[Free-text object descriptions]

# # # # #

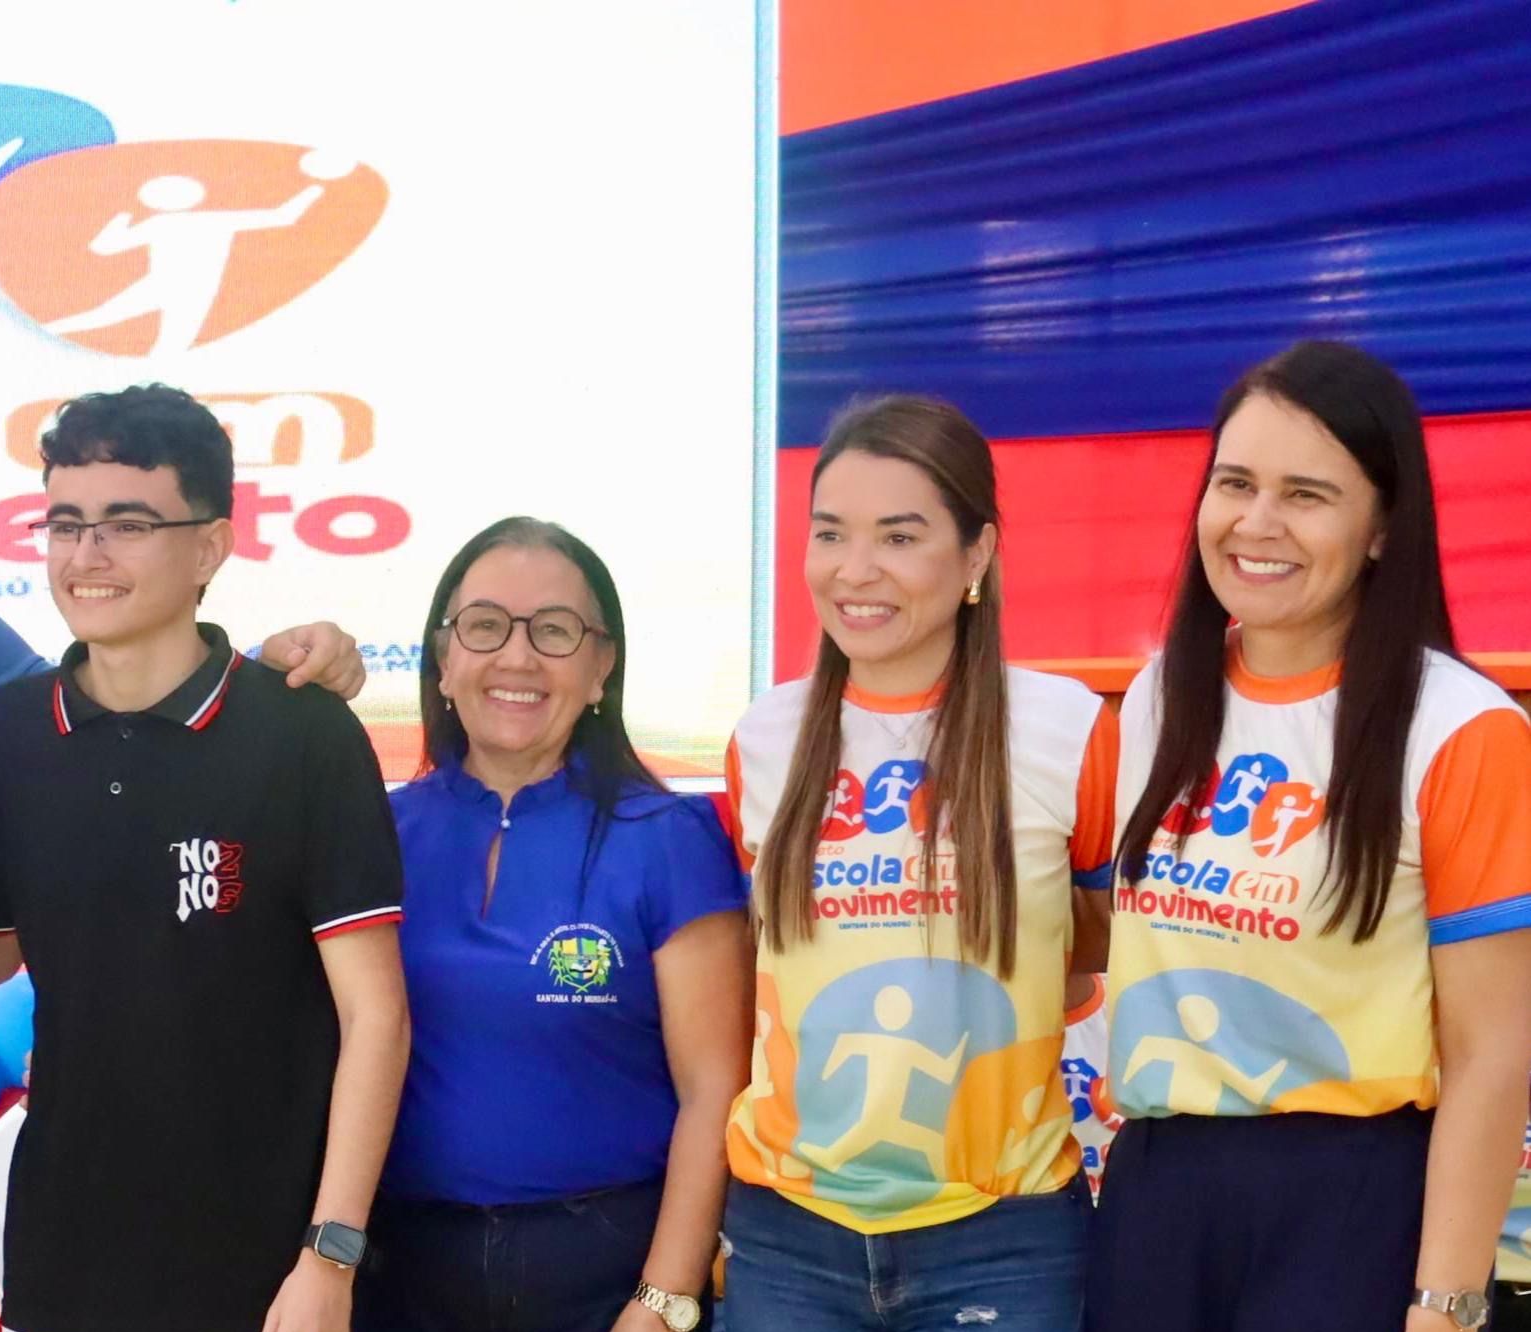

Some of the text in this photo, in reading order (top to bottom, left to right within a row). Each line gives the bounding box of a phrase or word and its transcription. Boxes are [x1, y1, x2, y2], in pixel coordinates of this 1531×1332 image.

[812, 853, 903, 889] scola
[1228, 869, 1300, 905] em
[812, 886, 959, 920] oviment
[1116, 886, 1301, 943] movimento
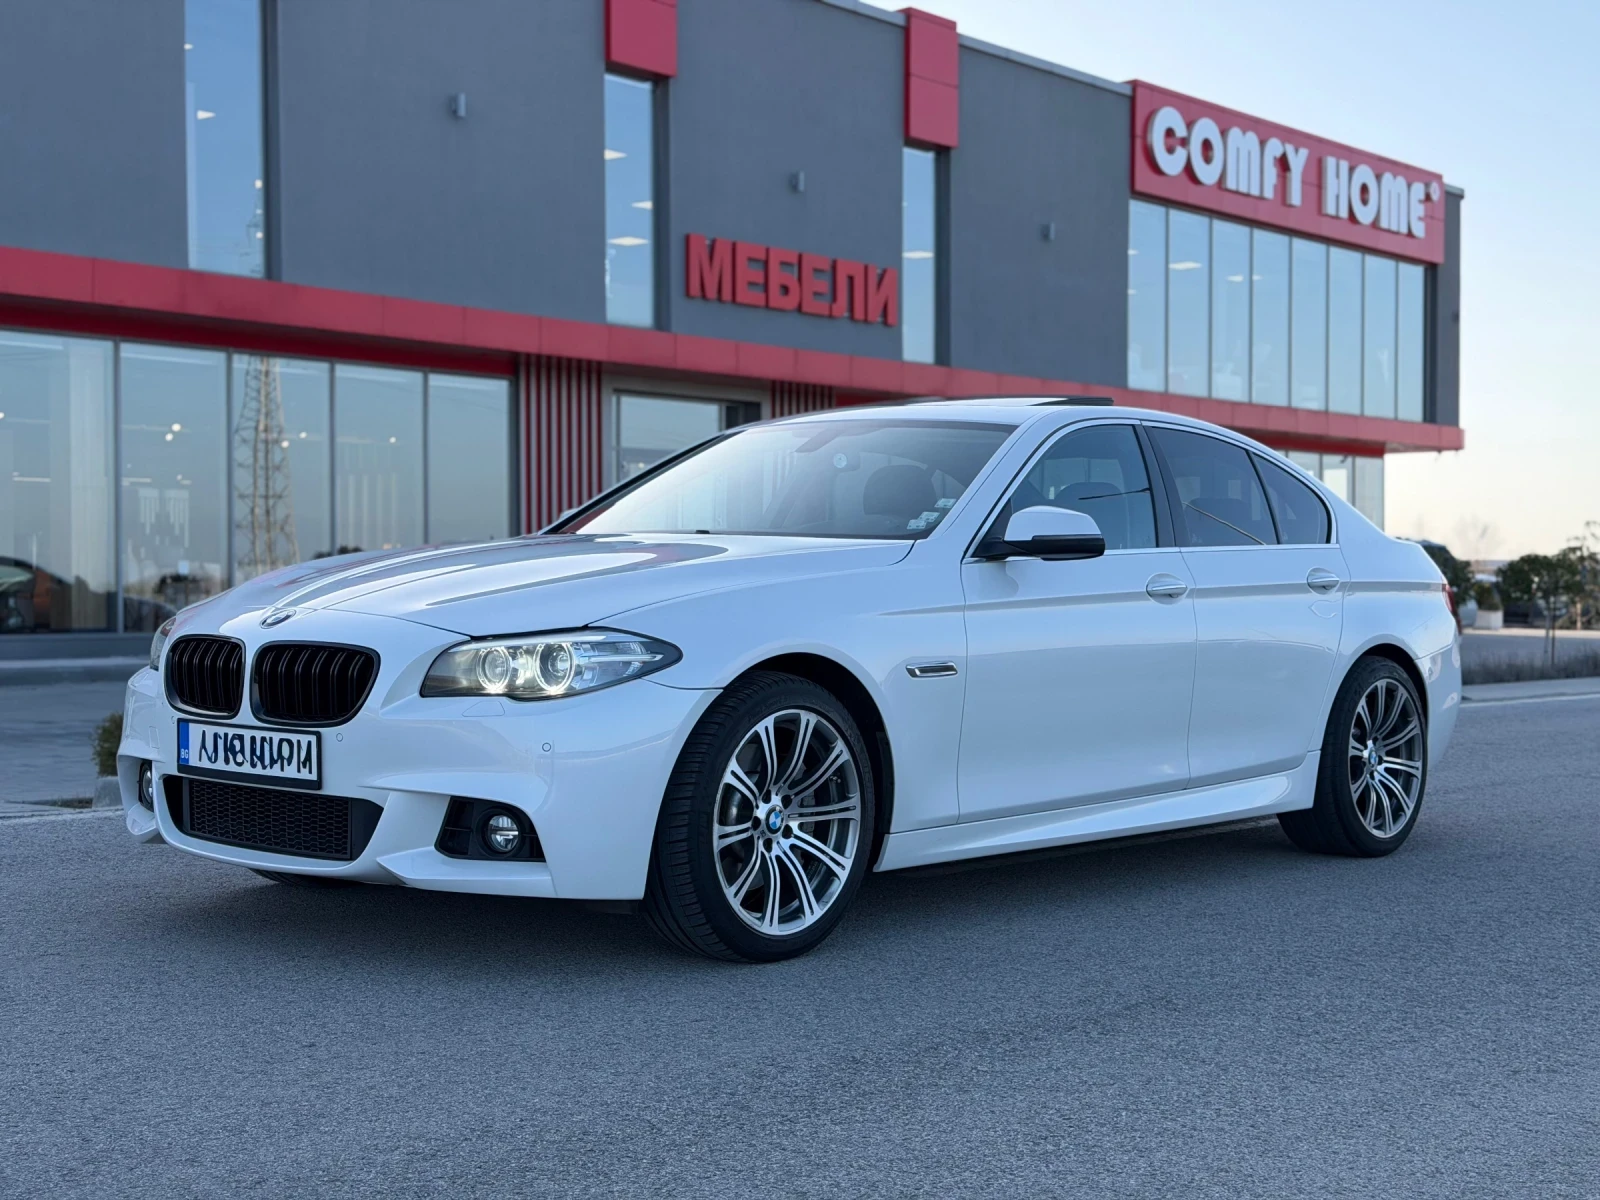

# # # # #

AIM OF THE EXERCISE:
Return each line of the data, keeping its wording exact and omitting pictures.

EXERCISE SOLUTION:
Some of the text in this photo, in reading order (top to bottom, left to right within a row). Each line gives the bounding box of a phrase or word and its transcription. Boxes are [x1, y1, x2, y2], in pixel coordinates of this 1531×1332 image.

[812, 853, 903, 889] scola
[1228, 869, 1300, 905] em
[812, 886, 959, 920] oviment
[1116, 886, 1301, 943] movimento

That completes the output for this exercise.